The morning after Charlottesville I woke up thinking about my father. He endured an anti-Semitic beating during basic training at Fort Dix before shipping out to Europe to fight the Nazi expansion into Brussels and France. Wounded twice, he came back with a Purple Heart and an Oak Leaf, but missing a body part. Decades later, when I was a young child, I was noodling around in an old cabinet in the basement of our suburban home and found a Nazi armband. He wouldn’t tell me anything about how he came by it, but he must have disposed of it because I never saw it again, even after helping him move twice and packing up his belongings for donation after he died.
Despite his experience as a victim of anti-Semitism and a soldier against Nazism, my father was not a particularly tolerant person. He lived most of his life in middle class secularly Jewish neighborhoods working in an industry where there were lots of other middle class secular Jews. He knew plenty of people who were not like him, but he didn’t engage with these “others” socially. A few years before he died, we went to an Arizona Dbacks game together. The pregame announcements were delivered in both English and Spanish. “That’s awful,” my father said. Shocked, I asked him what he meant. “Why should they be making announcements in Spanish?” he replied. I explained – or tried to explain – that the nearby border was just a line in the sand, that people were speaking Spanish – and indigenous languages – in this area long before anyone spoke English, and that in all likelihood 1/3 of the people in the stadium had Spanish as a first language, so shouldn’t they be able to understand where the emergency exits are? By way of follow-up a few days later, I shared a statistic with him that indicated that a majority of Americans of all races have never invited a person of another race into their homes (a more recent report indicates that 40% of White Americans do not have any friends of another racial identity) and that never once had their been someone of another race in our home when I was growing up. A lifelong Democrat, he got defensive about his liberal/moderate bona fides, and reminded me that our Black mailman came over for coffee. In turn, I reminded him that the only reason he did was because he was buying our car. (I was quite young, but remember that the car was white and had fins.)

Five years after WWII, my father met my mother.
My father’s brand of social liberalism – and perhaps it is endemic of his generation – was to tolerate others as long as we all kept to our own groups. It’s not really a surprising perspective since he was raised by a woman who had fled Ukrainian pogroms with her parents and huddled with others who were like them in self-defense.
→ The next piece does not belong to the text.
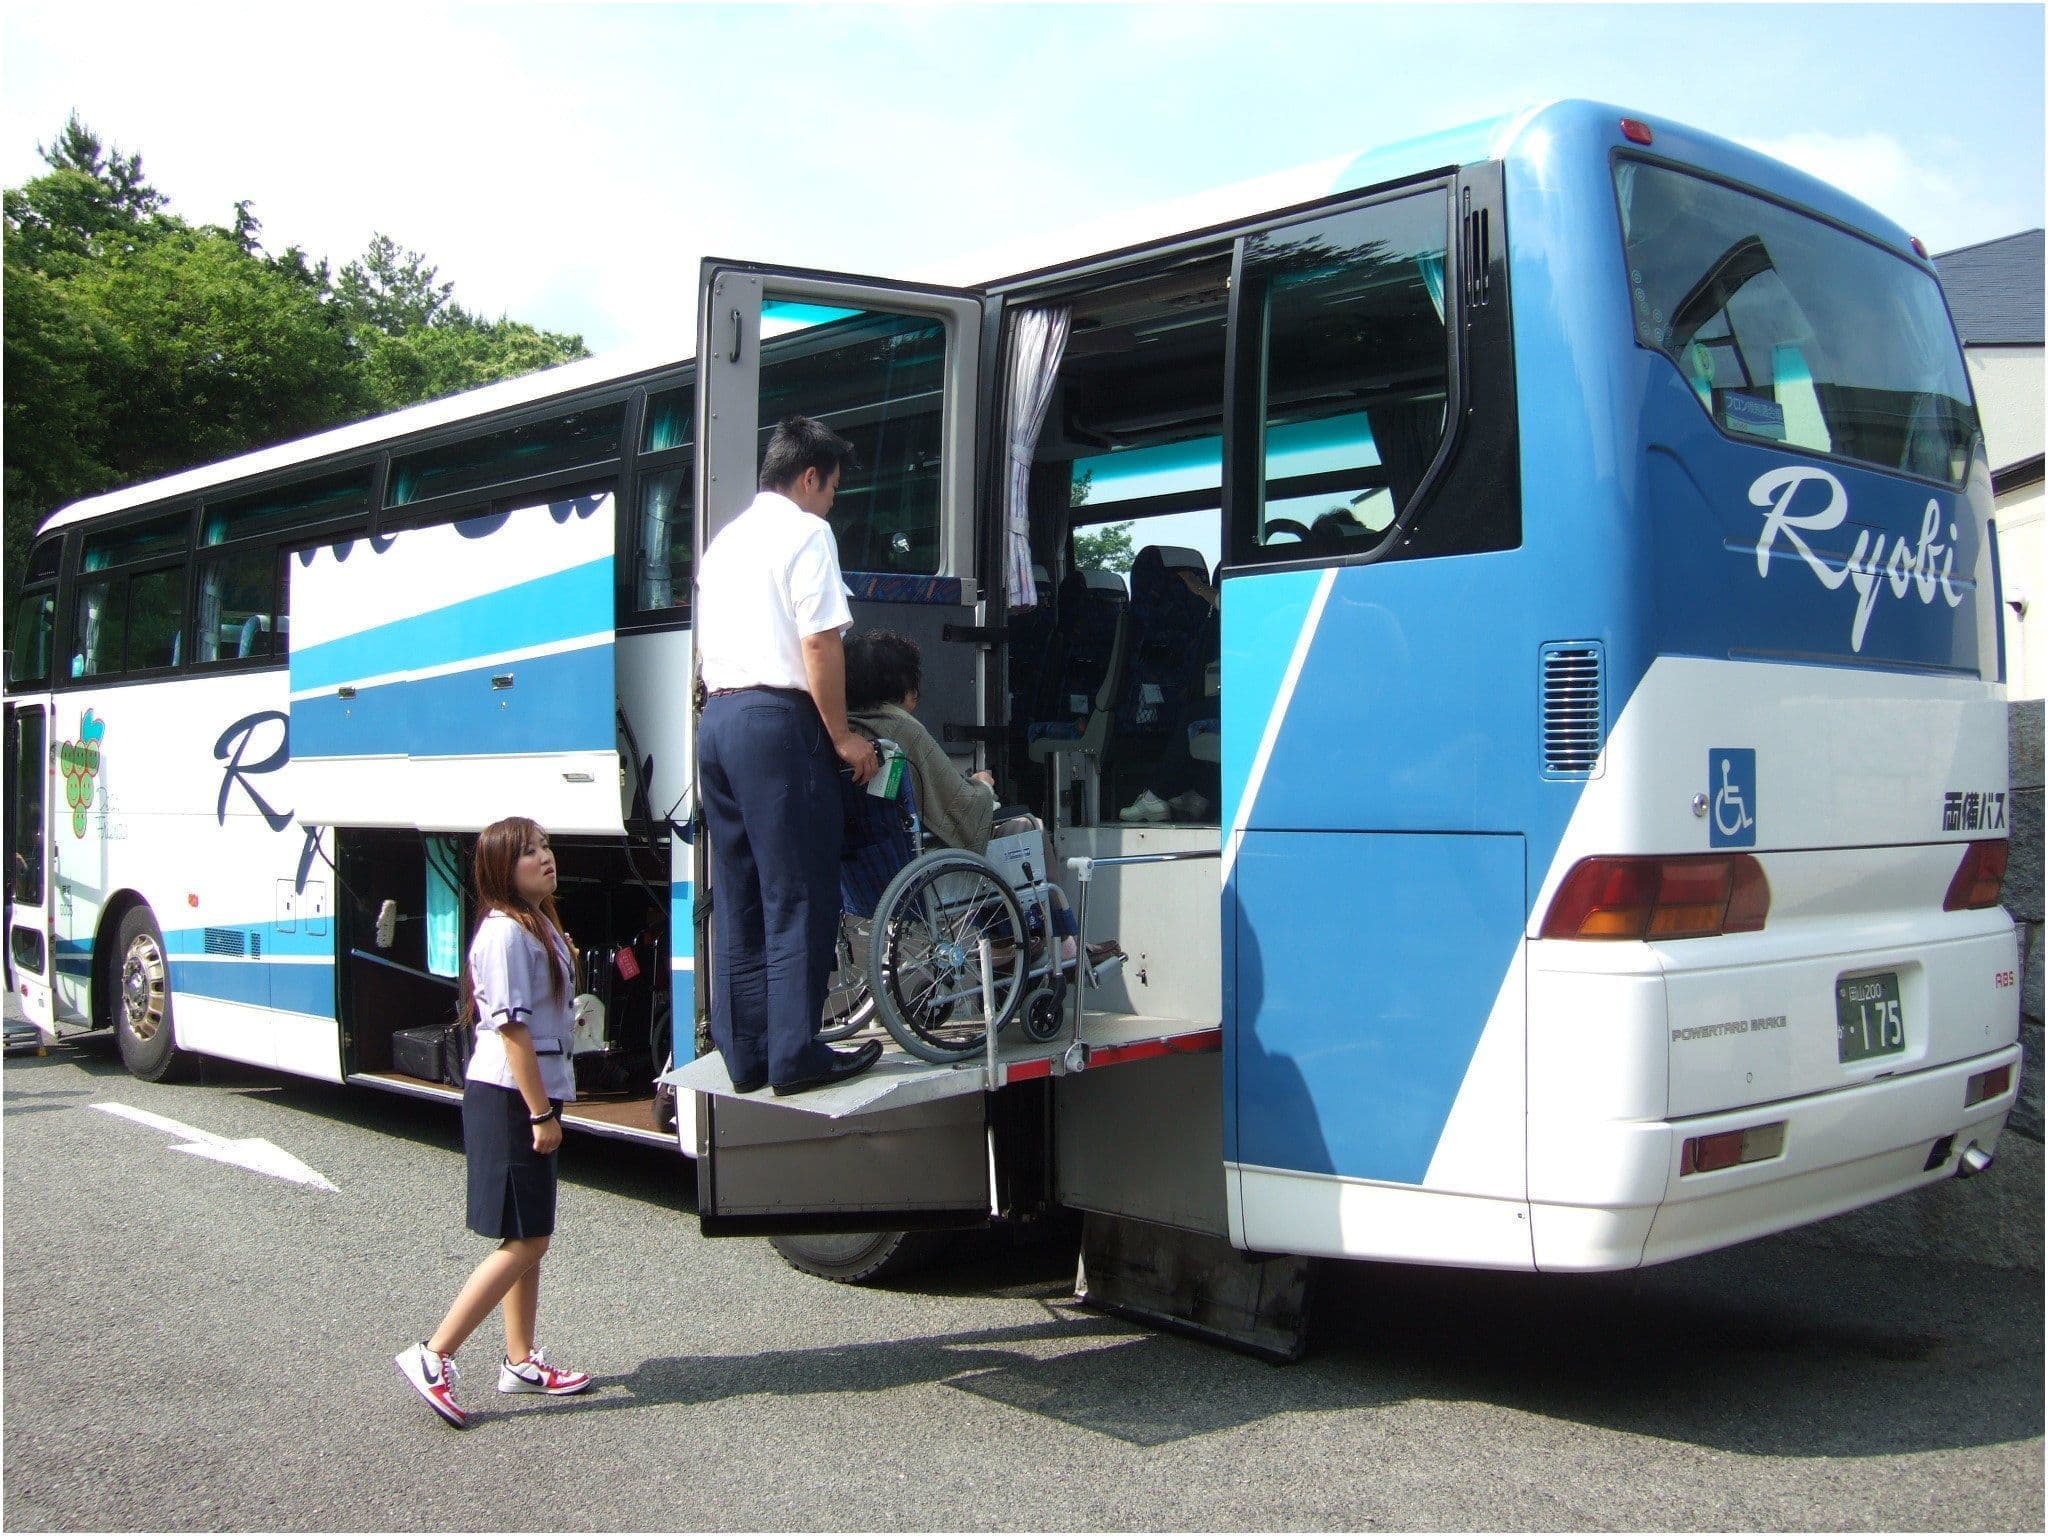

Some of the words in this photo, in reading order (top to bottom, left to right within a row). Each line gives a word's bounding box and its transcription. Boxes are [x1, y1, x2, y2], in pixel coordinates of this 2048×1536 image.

My generation and especially my children’s are much more mobile. We move fluidly from region to region and neighborhood to neighborhood. I am very much in a religious minority in my current neighborhood; there are more Muslims and Hindus in my kids’ high school than there are Ashkenazi Jews. Despite his faults, my father and the men of his generation fought and died so that the Muslims, Hindus, and Jews in my neighborhood could live peacefully among its Christian majority. Now a few – and I hope it is only a few – of their children and grandchildren have somehow gotten it into their heads that that isn’t such a good idea, that justice and equity for all somehow diminishes their very manhood.
My world view is different from my father’s not only because he fought in a war and I didn’t, but because I have lived in different places, places where public schools aren’t closed in observance of Jewish holidays, where Spanish is spoken in public gathering spaces, and where my children were taunted on the playground for their ethnicity.
But on this morning after Charlottesville, I am not thinking about what divides us, but what unites us. What unites us is not religion (religion is a dividing line), not race (race is a divisive social construct), and certainly not geography. What unites us is that we are all human, with the capacity for love (and, unfortunately, its opposite). How can we build love in our communities? How can we understand what it means to be human? For the biological answer, we have science, but for the spiritual one, we have art. Art questions, art explores, art answers, art loves.